Overall Architecture

Flow3r augments a standard multi-view Transformer (e.g., VGGT/π³) with a factored flow prediction head. During training, annotated 3D datasets (~34K sequences) and unlabeled video data (~800K sequences) are mixed to jointly optimize the model.

Factored Flow Prediction

The core observation is that for static scenes, the optical flow from a source view to a target view depends solely on the scene geometry of the source view and the camera pose of the target view. This motivates an asymmetric flow prediction formulation:

\[\hat{\mathbf{F}}_{i \rightarrow j} = \Phi_{\text{flow}}(\mathbf{g}_i, \mathbf{c}_j)\]
  • \(\mathbf{g}_i\): per-patch geometric features output by the multi-view Transformer for the source view
  • \(\mathbf{c}_j\): camera token of the target view (global pose feature)
  • \(\mathbf{c}_j\) modulates \(\mathbf{g}_i\), which is then decoded into dense optical flow via a DPT head

Key advantages: - Gradients from the flow supervision flow directly into both the geometry branch and the pose branch, promoting learning in both - Operating in latent space avoids dependence on explicit geometric decoding required by projective approaches, yielding greater robustness - Naturally extends to dynamic scenes, as the flow implicitly encodes both camera motion and scene motion

Comparison with Alternative Designs

Design Principle Drawback
flow-tracking (VGGT) Predicts flow via patch-feature matching between two views Enhances visual discriminability only; does not promote geometry/pose learning
flow-projective Projects predicted pointmaps with camera parameters Sensitive to errors; limited to static scenes
flow-factored (Ours) Decodes from geometric latent + pose latent Information bottleneck limits standalone flow accuracy, but yields the best geometric supervision

Loss & Training

  • Annotated data: camera pose loss \(\mathcal{L}_{\text{cam}}\) + geometry loss \(\mathcal{L}_{\text{geo}}\) (including optimally aligned pointmap loss)
  • Flow loss (applicable to both annotated and unlabeled data): robust Charbonnier regression loss, weighted by a co-visibility mask:
\[\mathcal{L}_{\text{flow}} = \frac{1}{\sum_p \mathbf{C}[p]} \sum_p \mathbf{C}[p] \cdot \ell_{\text{robust}}(\|\hat{\mathbf{u}}_{i\to j}[p] - \mathbf{u}_{i\to j}[p]\|_2)\]
  • Pseudo-label optical flow for unlabeled data is generated by the pretrained UFM model

Two-stage training: 1. Freeze the backbone and train only the newly added flow prediction head (on annotated data) 2. Unfreeze the full model and fine-tune end-to-end on annotated + unlabeled data

Key Experimental Results

Main Results — Dynamic Scenes (Tab. 2)

Method Kinetics RPE-t↓ EPIC RPE-t↓ Sintel MSE↓ Bonn f-score↑
DUSt3R 0.063 0.110 0.622 0.800
CUT3R 0.027 0.081 0.676 0.899
VGGT 0.038 0.049 0.595 0.884
π³ 0.023 0.043 0.523 0.905
Flow3r 0.018 0.037 0.426 0.954

Flow3r achieves the best results on all metrics across all four dynamic benchmarks, with substantial improvements in both pose and geometry.

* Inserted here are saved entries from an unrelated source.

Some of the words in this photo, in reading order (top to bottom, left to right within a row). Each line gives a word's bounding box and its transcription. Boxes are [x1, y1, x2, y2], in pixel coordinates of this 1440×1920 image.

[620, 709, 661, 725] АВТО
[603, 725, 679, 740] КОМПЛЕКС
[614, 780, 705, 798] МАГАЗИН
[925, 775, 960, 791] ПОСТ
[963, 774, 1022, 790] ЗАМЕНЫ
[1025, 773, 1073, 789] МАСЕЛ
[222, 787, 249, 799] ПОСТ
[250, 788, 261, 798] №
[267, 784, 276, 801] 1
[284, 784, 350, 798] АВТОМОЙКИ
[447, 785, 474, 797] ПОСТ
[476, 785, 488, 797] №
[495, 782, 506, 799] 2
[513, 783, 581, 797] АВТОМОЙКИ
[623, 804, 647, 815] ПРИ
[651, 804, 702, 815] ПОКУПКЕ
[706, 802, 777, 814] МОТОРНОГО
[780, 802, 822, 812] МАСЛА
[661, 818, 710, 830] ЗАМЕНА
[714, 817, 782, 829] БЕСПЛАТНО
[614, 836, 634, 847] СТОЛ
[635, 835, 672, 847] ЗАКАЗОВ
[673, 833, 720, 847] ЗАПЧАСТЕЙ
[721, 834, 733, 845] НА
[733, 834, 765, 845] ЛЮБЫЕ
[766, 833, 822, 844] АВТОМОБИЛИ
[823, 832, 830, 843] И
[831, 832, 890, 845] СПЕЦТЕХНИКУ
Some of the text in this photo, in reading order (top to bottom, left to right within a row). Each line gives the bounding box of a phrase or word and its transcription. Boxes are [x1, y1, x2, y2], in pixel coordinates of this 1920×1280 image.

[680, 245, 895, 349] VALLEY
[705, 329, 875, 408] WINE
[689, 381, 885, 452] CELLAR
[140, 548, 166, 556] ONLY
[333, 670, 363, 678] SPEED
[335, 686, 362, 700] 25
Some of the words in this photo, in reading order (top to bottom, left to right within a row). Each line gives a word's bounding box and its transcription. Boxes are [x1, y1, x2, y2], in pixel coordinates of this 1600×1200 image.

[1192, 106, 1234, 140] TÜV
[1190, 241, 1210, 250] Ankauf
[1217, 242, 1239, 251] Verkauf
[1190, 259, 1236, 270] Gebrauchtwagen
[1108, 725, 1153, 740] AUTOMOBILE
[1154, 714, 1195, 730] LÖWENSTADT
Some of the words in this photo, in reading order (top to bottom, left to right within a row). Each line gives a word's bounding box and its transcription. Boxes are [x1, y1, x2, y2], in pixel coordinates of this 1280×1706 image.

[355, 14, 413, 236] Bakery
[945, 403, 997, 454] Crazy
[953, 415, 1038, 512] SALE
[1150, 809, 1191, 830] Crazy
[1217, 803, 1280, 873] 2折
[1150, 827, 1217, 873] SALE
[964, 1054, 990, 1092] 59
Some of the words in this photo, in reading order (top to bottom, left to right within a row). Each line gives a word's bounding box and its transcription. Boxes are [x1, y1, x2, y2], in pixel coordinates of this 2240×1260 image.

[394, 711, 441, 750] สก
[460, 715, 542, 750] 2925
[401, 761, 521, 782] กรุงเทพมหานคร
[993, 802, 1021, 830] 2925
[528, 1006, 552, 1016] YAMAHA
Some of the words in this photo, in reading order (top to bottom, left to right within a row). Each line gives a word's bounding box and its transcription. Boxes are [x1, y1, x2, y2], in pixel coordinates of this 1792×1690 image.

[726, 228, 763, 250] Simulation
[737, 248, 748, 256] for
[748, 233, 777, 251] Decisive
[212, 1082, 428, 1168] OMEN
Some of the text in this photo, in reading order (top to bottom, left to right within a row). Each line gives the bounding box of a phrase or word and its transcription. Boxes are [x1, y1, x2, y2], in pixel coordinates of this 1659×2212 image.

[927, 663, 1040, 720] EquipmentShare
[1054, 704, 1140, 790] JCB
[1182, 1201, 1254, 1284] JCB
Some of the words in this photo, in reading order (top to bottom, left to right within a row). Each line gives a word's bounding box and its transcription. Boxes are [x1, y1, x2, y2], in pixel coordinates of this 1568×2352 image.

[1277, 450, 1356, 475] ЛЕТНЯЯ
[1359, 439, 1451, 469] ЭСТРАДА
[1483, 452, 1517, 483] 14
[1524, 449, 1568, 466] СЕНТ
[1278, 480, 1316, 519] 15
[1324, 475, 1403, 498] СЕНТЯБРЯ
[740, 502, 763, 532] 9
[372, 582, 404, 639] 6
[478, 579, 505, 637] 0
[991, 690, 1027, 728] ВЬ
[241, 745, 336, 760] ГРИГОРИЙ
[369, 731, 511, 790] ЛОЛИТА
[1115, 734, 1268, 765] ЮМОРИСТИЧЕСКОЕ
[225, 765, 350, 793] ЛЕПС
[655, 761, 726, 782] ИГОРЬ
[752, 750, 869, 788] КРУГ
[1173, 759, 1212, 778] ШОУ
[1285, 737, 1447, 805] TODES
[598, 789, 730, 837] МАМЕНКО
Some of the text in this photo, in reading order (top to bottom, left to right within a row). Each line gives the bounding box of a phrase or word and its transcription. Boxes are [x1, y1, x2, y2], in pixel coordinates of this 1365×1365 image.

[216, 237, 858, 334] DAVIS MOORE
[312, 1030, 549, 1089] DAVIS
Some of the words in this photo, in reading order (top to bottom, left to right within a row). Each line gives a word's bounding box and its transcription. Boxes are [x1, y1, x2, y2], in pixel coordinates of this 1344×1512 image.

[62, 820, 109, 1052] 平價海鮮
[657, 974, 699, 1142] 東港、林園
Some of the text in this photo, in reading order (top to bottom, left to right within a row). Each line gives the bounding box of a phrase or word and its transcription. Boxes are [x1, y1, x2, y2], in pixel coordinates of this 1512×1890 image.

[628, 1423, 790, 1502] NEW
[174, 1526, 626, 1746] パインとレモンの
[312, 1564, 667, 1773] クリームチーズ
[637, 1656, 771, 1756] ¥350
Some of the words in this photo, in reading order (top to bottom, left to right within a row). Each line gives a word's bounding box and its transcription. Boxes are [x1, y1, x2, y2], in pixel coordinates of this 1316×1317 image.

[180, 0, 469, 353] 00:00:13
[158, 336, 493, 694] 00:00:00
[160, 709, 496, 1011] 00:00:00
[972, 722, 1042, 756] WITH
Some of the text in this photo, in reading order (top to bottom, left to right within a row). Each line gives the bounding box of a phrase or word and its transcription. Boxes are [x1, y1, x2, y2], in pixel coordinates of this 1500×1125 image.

Main Results — Static Scenes (Tab. 3)

Method 7-Scenes RTA↑ 7-Scenes MSE↓ NRGBD f-score↑ ScanNet RTA↑
π³ 87.69 0.169 0.983 91.14
Flow3r 91.66 0.102 0.992 92.89

Gains from dynamic data also transfer to static scenes; MSE on 7-Scenes drops from 0.169 to 0.102 (↓40%).

Ablation Study — Scaling Unlabeled Data (Tab. 4)

Annotated Unlabeled RRA@30↑ MSE↓
11K 0 66.01 0.637
11K 3K 76.26 0.598
11K 10K 78.45 0.560
11K 20K 81.12 0.532
44K (annotated only) 0 78.68 0.565

11K annotated + 20K unlabeled outperforms 44K annotated-only, demonstrating that unlabeled video supervised via optical flow can substitute for expensive 3D annotations.

Ablation Study — Flow Prediction Mechanism Comparison (Tab. 1)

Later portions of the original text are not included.